A year ago today, I woke up in Germany for the first time. If I close my eyes, and tune out Sting on the stereo, I can still picture that morning.

We had arrived at our hotel in Andernach quite late. I remember standing at the window the next morning looking over the biergarten below our room and admiring the age of the stone gate across the road. The light was golden in an early fall sort of way, gilding my nervousness for this adventure with a fierce excitement. Despite the long day of travel and the bewilderment of a foreign language in a strange land, or maybe because of that, I bordered on giddy. It shows, I think, in the pictures Ian took of me that morning.

That morning feels so long ago; so much has happened since then. Yet, somehow, it seems as if I should have more to show for this past year. There were three months of apartment living in Bad Neuenahr, followed by three months of castle living in Rheineck. We brainstormed reams of ideas for a company still in its infancy and crawled our way through the entire castle listing out all the items that needed attention: light fixtures to replace, hallways that smelled of swamp gas, walls that had lost their grip on the plaster. I went through the building again to determine its actual square meterage.

We then spent two months wandering Europe. Two notebooks, 50 rolls of film, a bottle of limoncello, and two prints by Subirachs later, we returned to the States. The first months back saw us moving around constantly before finally landing in our own apartment in San Francisco: Seattle, Boulder Creek, Oakland, four suitcases, three backpacks, and the two of us. There was the trip to Santa Barbara to fetch our stuff from storage, then the joys and frustrations of moving into our very own space. We no longer wake up wondering, “Is this the day they’ll tell us to move?”

My sister got married; Ian’s sister came to visit for week. My father continued to decline; we said a final farewell to Ian’s mother. We have readjusted to the sheer size of the most ordinary of American streets and the general shoddiness of American public transportation systems. I have a hard time remembering I can turn right at a red light. (It’s illegal in Europe.) I miss pedestrian culture and riotous flower boxes and Italian style ice-cream.

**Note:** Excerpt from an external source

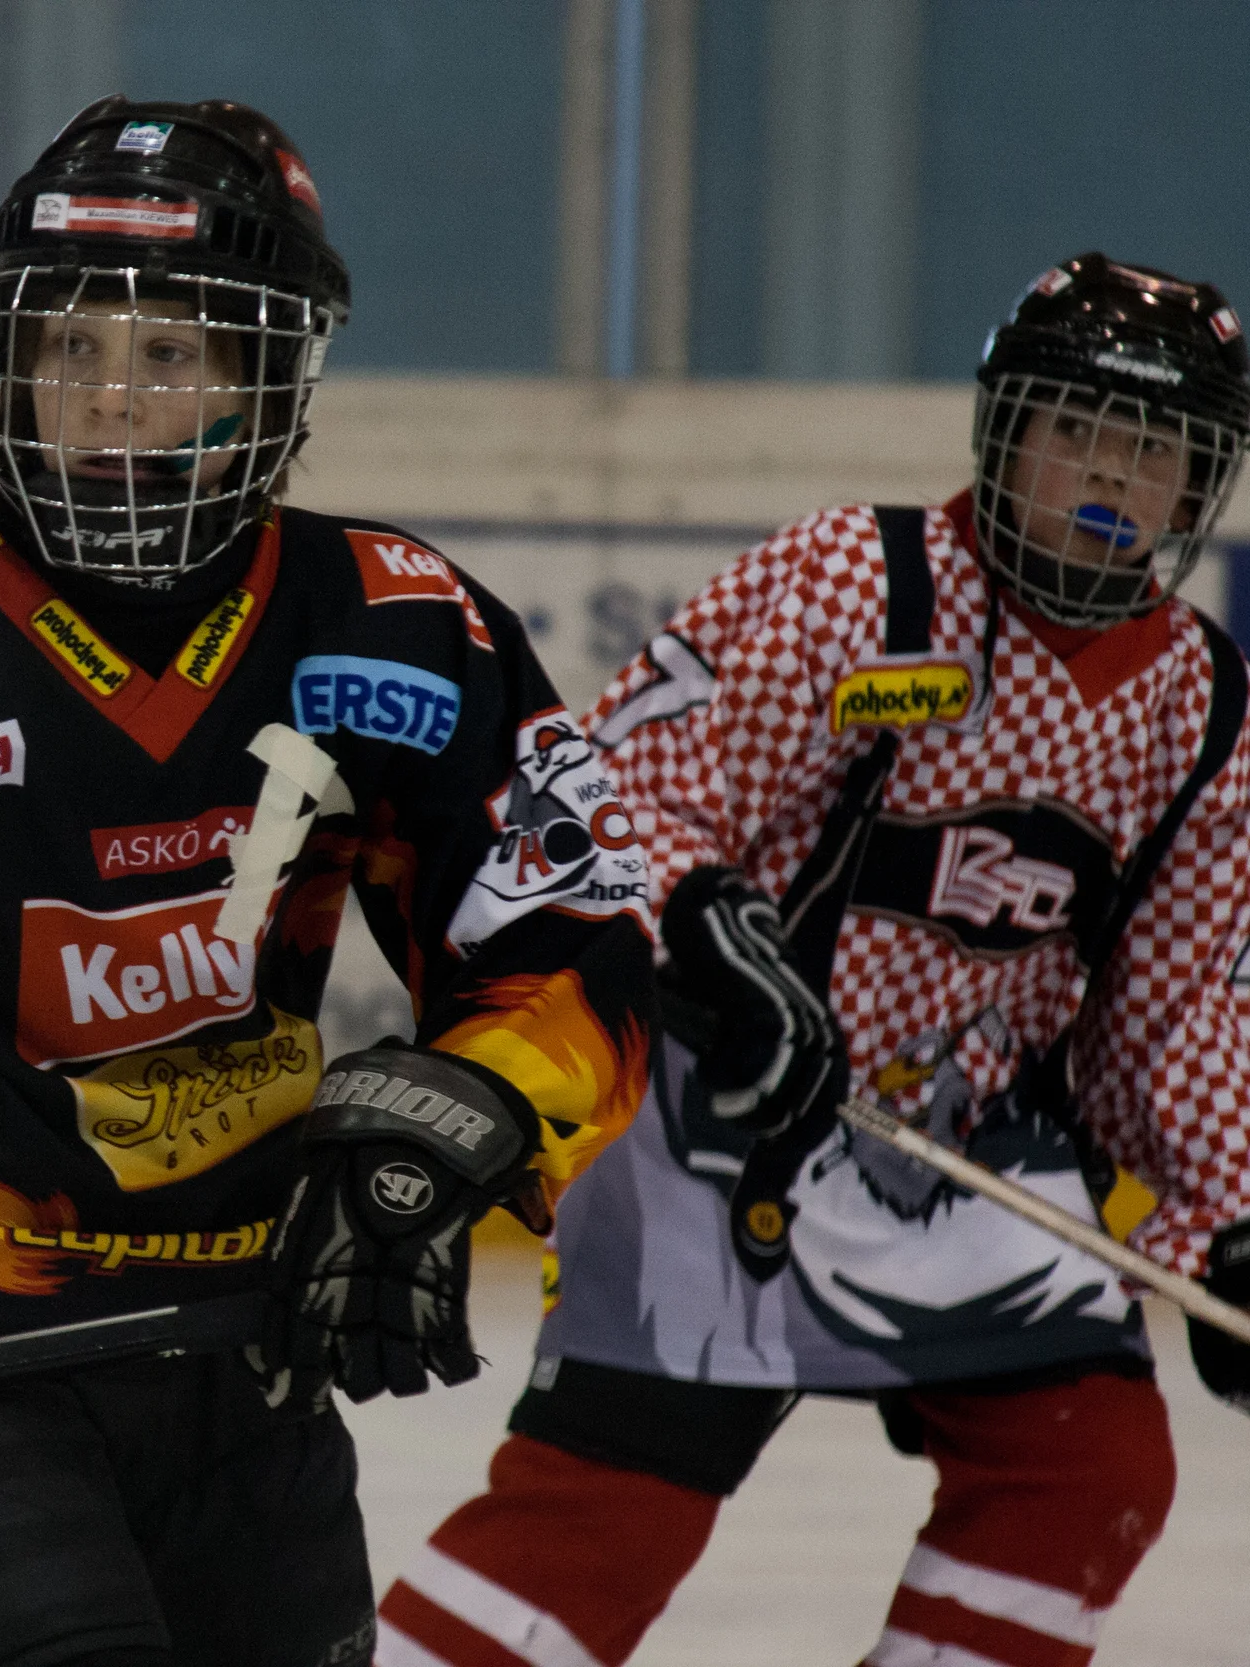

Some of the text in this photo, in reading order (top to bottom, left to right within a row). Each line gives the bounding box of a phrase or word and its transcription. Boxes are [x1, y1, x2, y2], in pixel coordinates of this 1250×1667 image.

[34, 607, 126, 690] prohockey.at
[300, 673, 458, 751] ERSTE
[105, 823, 200, 869] ASKÖ
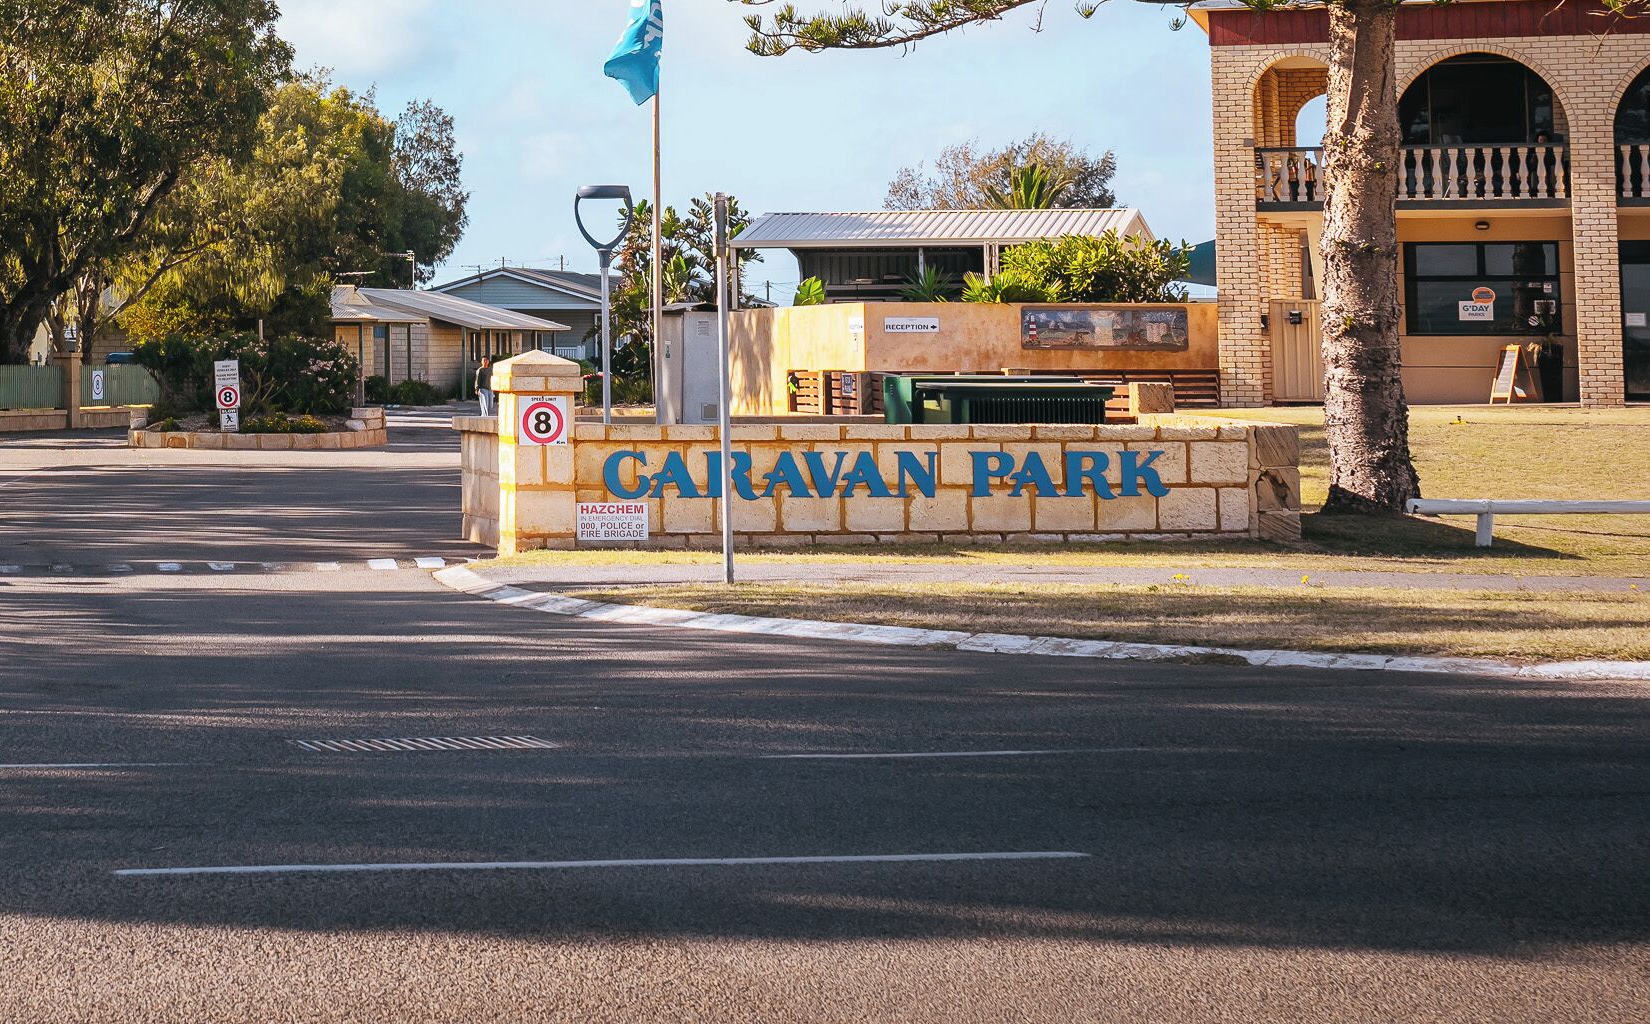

It seems so slim. I can sum up an entire year in three paragraphs. But there was so much while it was happening that if all I have is three paragraphs, surely I must have forgotten something. What becomes of the little details that add that soft patina to my memories? The butter cookies served with Killybegs’ Irish coffee? The ducks that spent a frigid winter stubbornly diving in the swollen Ahr? The halo behind the mountains as the sun sets on the Lake District? The almost-smile my dad wore when he danced with my sister on her wedding day? How do I measure these?